An inflatable camping mattress pretty much has one job: to be airtight. If something causes the mattress not to be airtight, well then, Houston, we have a problem.
We get many calls about perceived leaks, particularly with air mattresses. And one thing that is usually not a leak at all is a mattress that seems to have lost pressure during the night. If it’s not flat, but not as full as you inflated it before bed, the problem can often be attributed to the loss of air pressure as your mattress cools. This is particularly true if you inflate your mattress by mouth. The air going in is warm and, as it cools to the ambient temperature, you can lose quite a bit of pressure, requiring you to put a few more breaths into your mattress. This is also the reason we say to partially deflate your mattress before you leave it in your tent for the day. A full mattress can actually burst from the extra pressure if it warms enough in a hot tent all day.
Repair at home
If you’re at home, our Permanent Home Repair Kit can help you patch the puncture. Depending on the model of mattress, it may require sitting overnight, but since you’re home that shouldn’t cause too many issues. Pro tip: Check your pad and the rest of your gear a few days before heading into the backcountry.
Repair in the field
If you experience a puncture while out camping, hopefully, you’ve brought a Field Repair Kit with you. These kits are included with all of our NeoAir pads and easily slide into the included stuff sack. Though either of our repair kits will work, the Field Repair Kit is designed to provide a speedy, no-cure fix for any mattress.
Option “A”: Find the leak and patch it
Whether you’re at home or in the field, you’ll want to inflate your mattress as firm as you can get it with your breath. If you’re lucky, you might hear air escaping and you’ll be able to locate the puncture right away. If it’s not readily apparent where the leak is, you can either submerge the mattress fully in water (a tub at home, or a body of water nearby if you’re out in the wild) or you can use a wet soapy cloth to wipe the mattress. In both cases, you’re looking for bubbles to form, which will indicate where the air is escaping. In the case of a pinhole puncture that takes all night to leak out, it may take a while for bubbles to form, in some cases ten or more minutes. Patience is the most effective tool in the toolbox at this point. One trick is to fold the mattress over on itself when submerging it or soaping it up. This will increase the internal pressure and hopefully force air through the hole a little quicker. Another method to try is to mentally break it down into smaller areas and go through one section at a time, slowly and meticulously. Flip the mat over and inspect the other side. Our repair techs follow these same procedures when we receive mattresses for repairs. At any rate, once the leak is found, follow the repair directions to patch that sucker up and you’re back in business.
How to find a leak:
How to use the Instant Repair Kit:
How to use the Permanent Repair Kit:
How to use the Valve Repair Kit:
Option “B”: Send it to the pros
If you have tried everything, or your mattress damage is significantly more than you want to take on, you may send your mattress to us for repair. If the problem is covered under our Limited Lifetime Warranty, we’ll repair or replace your mattress at our discretion. These issues are limited to defects in material or manufacturing and usually limited to valve or seam failure. If we find that there are punctures/tears in the mattress, we can repair those, but these are typically a wear-and-tear situation. We charge a flat-rate fee of $20 to repair a mattress. This repair charge covers up to 10 punctures at any one time—if we find more than 10 punctures in a mattress (that sounds crazy but some folks live where cactus are present, or maybe someone forgot to take their golf shoes off before entering their tent), then we consider the mattress to be at the end of its service life.

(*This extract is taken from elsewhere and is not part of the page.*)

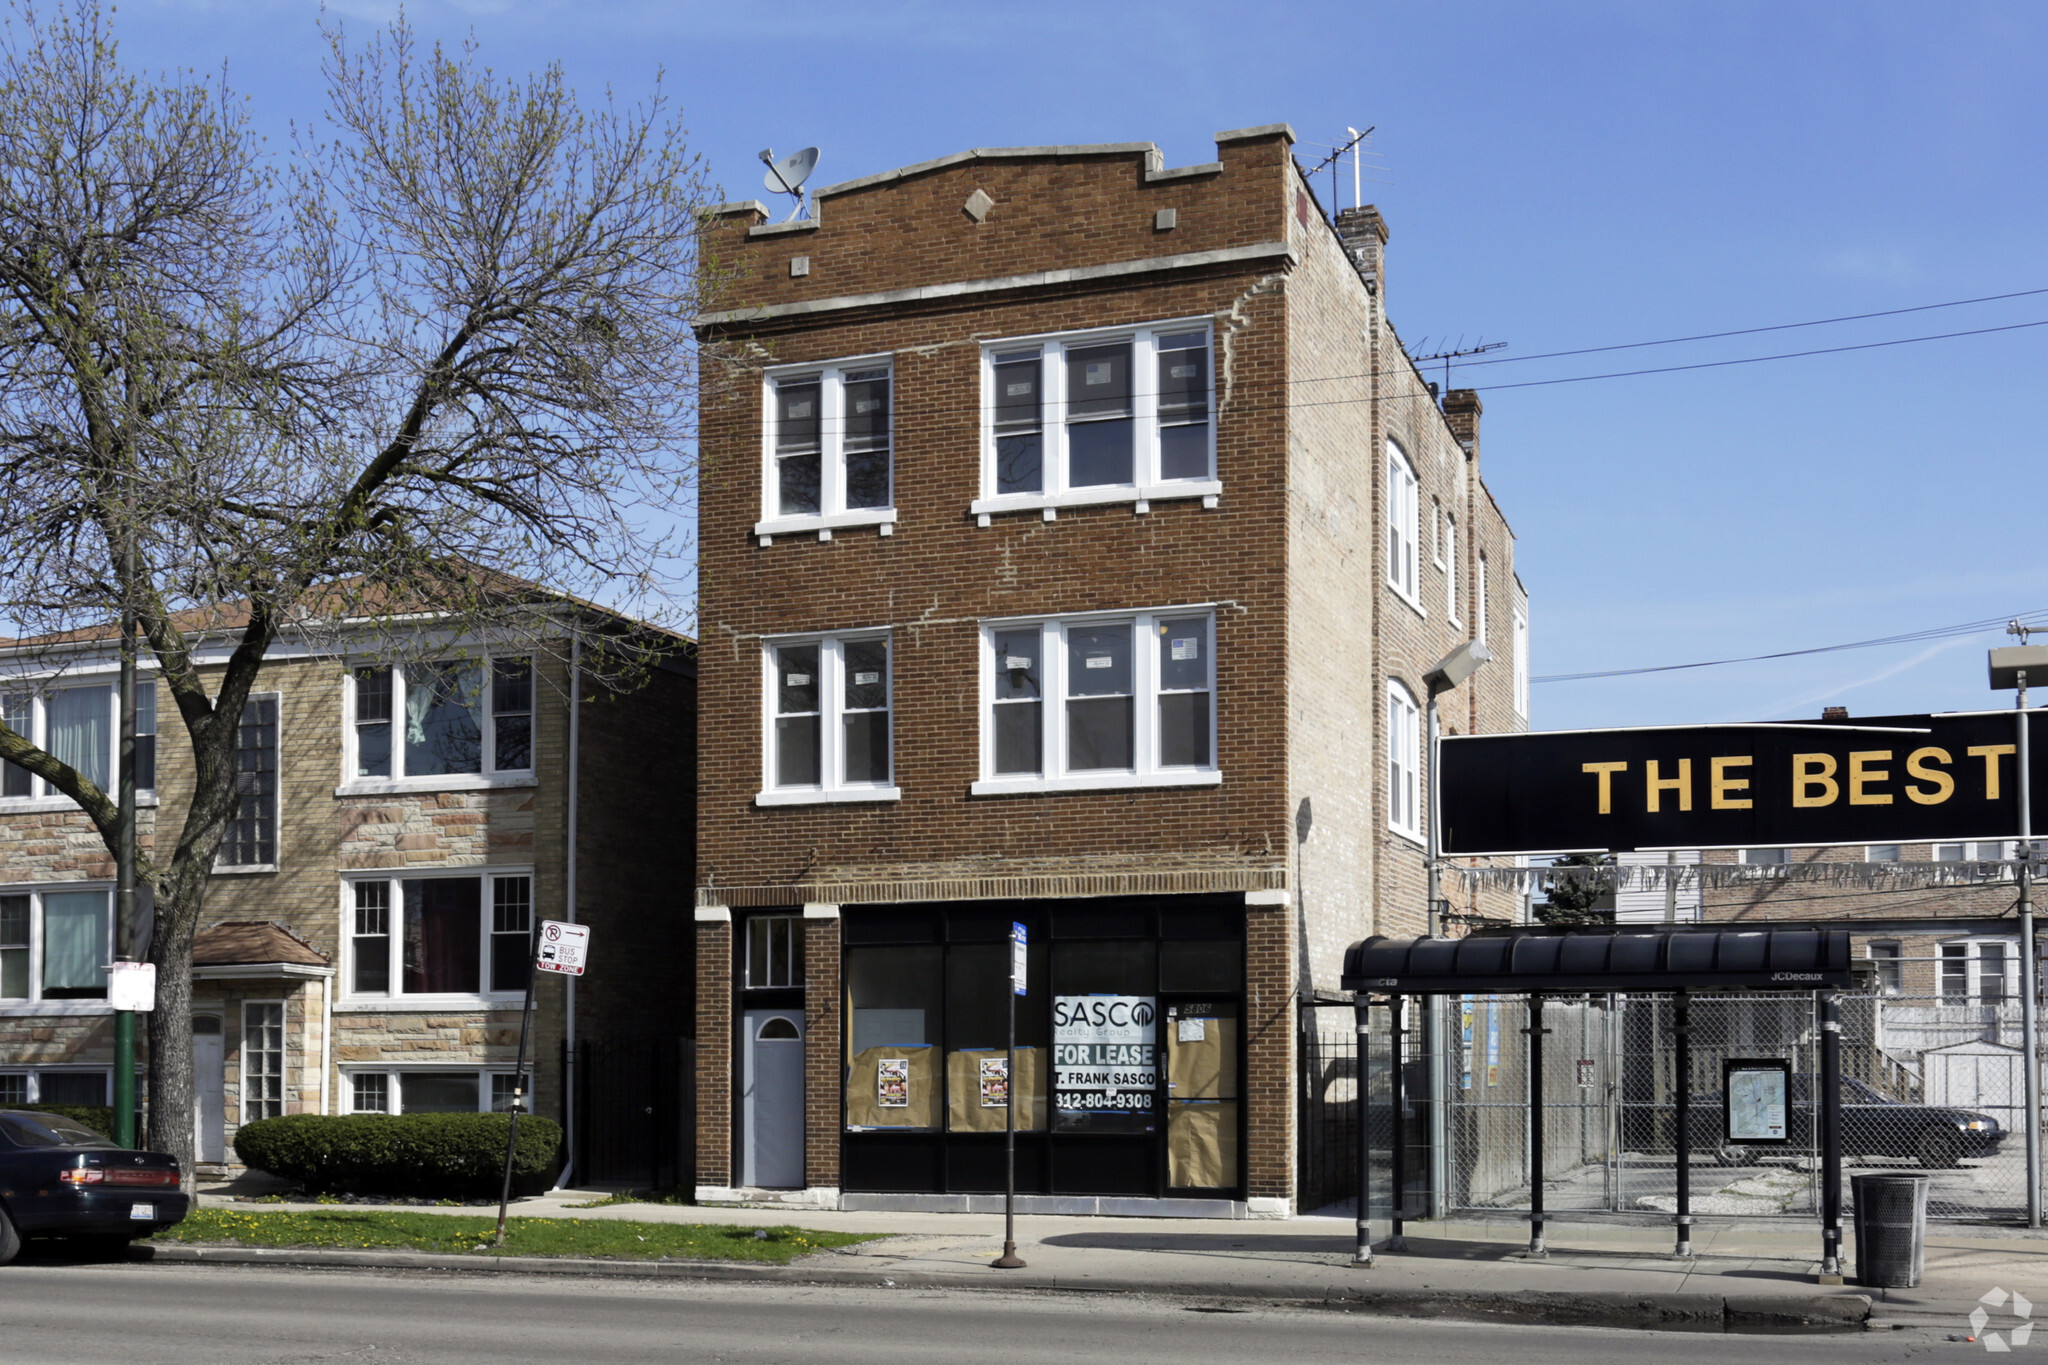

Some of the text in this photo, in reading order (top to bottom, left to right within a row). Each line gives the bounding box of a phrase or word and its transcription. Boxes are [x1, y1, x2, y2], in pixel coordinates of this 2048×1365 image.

If you choose to send your mattress to us, please make sure it’s relatively clean. We don’t need to be able to eat off of your mattress (nor do we want to, believe me), but some mattresses have shown up here that appear to have been used extensively and exclusively by goats—the scary kind you find on death metal album covers, not the cute fluffy ones that faint when they get excited. If that’s your mattress, clean it by inflating it and wiping it down with a mild detergent. Follow-up with a rinse, and let it dry out before shipping it to us. Please note, if your mattress is excessively dirty or has a strong off-putting odor when it arrives at the repair office, it will not be worked on or evaluated and instead will be returned with cleaning instructions.
This brings us to another point: Keeping your mattress clean is very important to its longevity. For folks who are on long-term camping trips, body oils, bug dope, and suntan lotion can all contribute to the breakdown of the laminates that bond the external fabrics to the internal components, whether it’s the foam in a self-inflating model or the internal baffles in one of our NeoAir® models. Using a sheet on the mattress and cleaning it regularly (both the sheet and the mat) will help you get the most out of your mattress.
If you ship a mattress to us, we aren’t concerned with the method of shipment, but we do recommend send it with a method that is trackable. If anything goes wrong in shipping, you can at least find out where it was delivered by mistake. To get started with your repair, head to thermarest.com/warranty and create a Return Authorization Number.